Wesley Ruggles was een Amerikaanse filmregisseur die vooral bekend was van de klassieke westerse film ‘Cimarron’. Hoewel de film hem veel populariteit opleverde, kwam het succes niet gemakkelijk bij de man. Voordat hij ‘Cimarron’ maakte, had hij al ongeveer vijftig films gemaakt, waarvan de meeste onopvallend waren en kort na hun release werden vergeten. Met het succes van 'Cimarron' nam zijn carrière echter toe en regisseerde hij verschillende andere populaire films zoals 'No Man of Her Own' en 'I'm No Angel'. Geboren in Los Angeles, ontwikkelde hij een vroege interesse in de bioscoop die in de beginfase was toen Wesley opgroeide in het begin van de 20e eeuw. Ook zijn broer Charles was zeer geïnteresseerd in films en de twee broers stortten zich in dit opwindende nieuwe entertainmentmedium dat in Amerika opkwam. Wesley begon zijn acteercarrière als jonge man en verscheen in een reeks stomme films, soms samen met Charlie Chaplin. Al snel waagde hij zich in een richting die hij interessanter vond dan acteren. Zijn vroege jaren als regisseur waren erg moeilijk; ondanks meerdere films maakte hij lange tijd geen succes. Hij proefde voor het eerst succes met de extravagante westerse kaskraker ‘Cimarron’, waarmee hij een gereputeerde regisseur werd.

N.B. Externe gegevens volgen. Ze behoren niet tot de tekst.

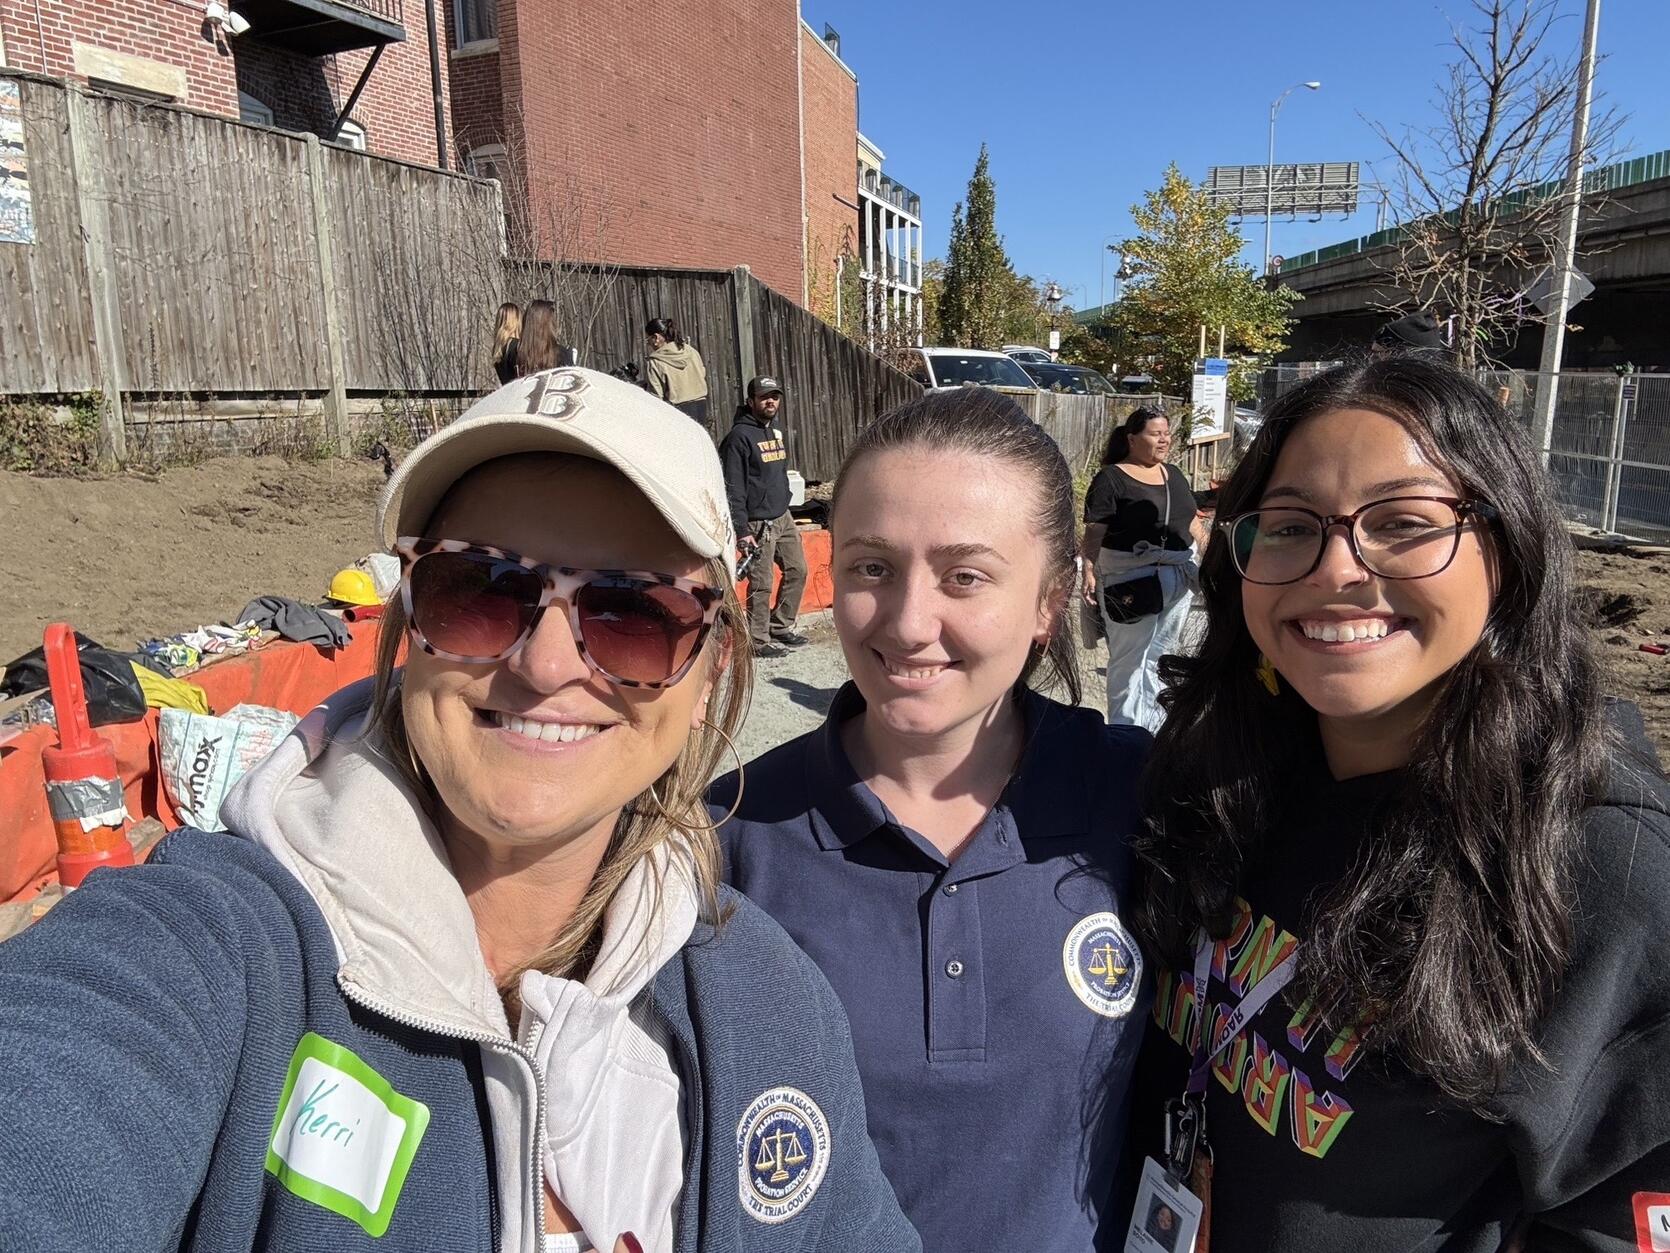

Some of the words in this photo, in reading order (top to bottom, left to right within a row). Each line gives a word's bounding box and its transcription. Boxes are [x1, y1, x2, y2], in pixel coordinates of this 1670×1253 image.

Kindertijd en vroege leven
Wesley Ruggles werd geboren op 11 juni 1889 in Los Angeles, Californië, VS. Hij was de jongere broer van Charles Ruggles, die in de toekomst een grote Hollywood-persoonlijkheid werd.
Hij bracht het grootste deel van zijn vroege leven door in San Francisco en ging daar ook naar de universiteit. Geïnteresseerd in acteren vanaf jonge leeftijd, begon hij een stage in stock en muzikale komedie.
Carrière
Wesley Ruggles begon zijn acteercarrière in 1915 en speelde een Keystone Kop in de komedie short 'Caught in a Park'. De komende jaren verscheen hij in een reeks korte films met komiek Charlie Chaplin, waaronder 'The Bank' (1915). ) en 'Police' (1916).
Tegen 1917 raakte hij meer gericht op regie en begon hij zijn regiecarrière met een reeks korte films. Aan het einde van de jaren 1910, toen de Eerste Wereldoorlog ten einde liep, diende hij als camera-operator bij het Army Signal Corps.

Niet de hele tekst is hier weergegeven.